*** Opening Given data ***

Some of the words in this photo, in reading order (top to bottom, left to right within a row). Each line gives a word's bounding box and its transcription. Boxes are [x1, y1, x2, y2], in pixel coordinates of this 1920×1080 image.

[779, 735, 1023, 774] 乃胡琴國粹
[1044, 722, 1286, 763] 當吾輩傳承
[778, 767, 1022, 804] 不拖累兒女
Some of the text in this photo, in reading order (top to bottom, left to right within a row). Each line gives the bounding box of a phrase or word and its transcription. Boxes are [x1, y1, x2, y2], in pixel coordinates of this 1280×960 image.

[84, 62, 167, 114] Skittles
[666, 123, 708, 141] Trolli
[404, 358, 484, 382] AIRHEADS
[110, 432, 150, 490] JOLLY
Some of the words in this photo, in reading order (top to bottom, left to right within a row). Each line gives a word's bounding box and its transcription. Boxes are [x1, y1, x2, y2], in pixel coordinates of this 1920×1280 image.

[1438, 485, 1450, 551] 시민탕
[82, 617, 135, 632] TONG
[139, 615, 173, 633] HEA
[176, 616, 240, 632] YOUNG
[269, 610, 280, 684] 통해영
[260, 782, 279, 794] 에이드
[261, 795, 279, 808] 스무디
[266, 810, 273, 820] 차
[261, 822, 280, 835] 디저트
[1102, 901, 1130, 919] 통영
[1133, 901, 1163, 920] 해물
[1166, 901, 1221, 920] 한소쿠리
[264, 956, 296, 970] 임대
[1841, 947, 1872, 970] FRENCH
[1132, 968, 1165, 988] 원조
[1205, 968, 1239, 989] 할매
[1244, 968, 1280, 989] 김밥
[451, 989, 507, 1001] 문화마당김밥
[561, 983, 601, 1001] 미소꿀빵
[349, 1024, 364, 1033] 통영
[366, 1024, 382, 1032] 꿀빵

*** Closing Given data ***

Exercise goal: Your answer must be the line with "Some of the text" and all lines after it through the final line of the entries, copied exactly and with nothing added.

Response:
Some of the text in this photo, in reading order (top to bottom, left to right within a row). Each line gives the bounding box of a phrase or word and its transcription. Boxes are [x1, y1, x2, y2], in pixel coordinates of this 1280×960 image.

[84, 62, 167, 114] Skittles
[666, 123, 708, 141] Trolli
[404, 358, 484, 382] AIRHEADS
[110, 432, 150, 490] JOLLY
Some of the words in this photo, in reading order (top to bottom, left to right within a row). Each line gives a word's bounding box and its transcription. Boxes are [x1, y1, x2, y2], in pixel coordinates of this 1920×1280 image.

[1438, 485, 1450, 551] 시민탕
[82, 617, 135, 632] TONG
[139, 615, 173, 633] HEA
[176, 616, 240, 632] YOUNG
[269, 610, 280, 684] 통해영
[260, 782, 279, 794] 에이드
[261, 795, 279, 808] 스무디
[266, 810, 273, 820] 차
[261, 822, 280, 835] 디저트
[1102, 901, 1130, 919] 통영
[1133, 901, 1163, 920] 해물
[1166, 901, 1221, 920] 한소쿠리
[264, 956, 296, 970] 임대
[1841, 947, 1872, 970] FRENCH
[1132, 968, 1165, 988] 원조
[1205, 968, 1239, 989] 할매
[1244, 968, 1280, 989] 김밥
[451, 989, 507, 1001] 문화마당김밥
[561, 983, 601, 1001] 미소꿀빵
[349, 1024, 364, 1033] 통영
[366, 1024, 382, 1032] 꿀빵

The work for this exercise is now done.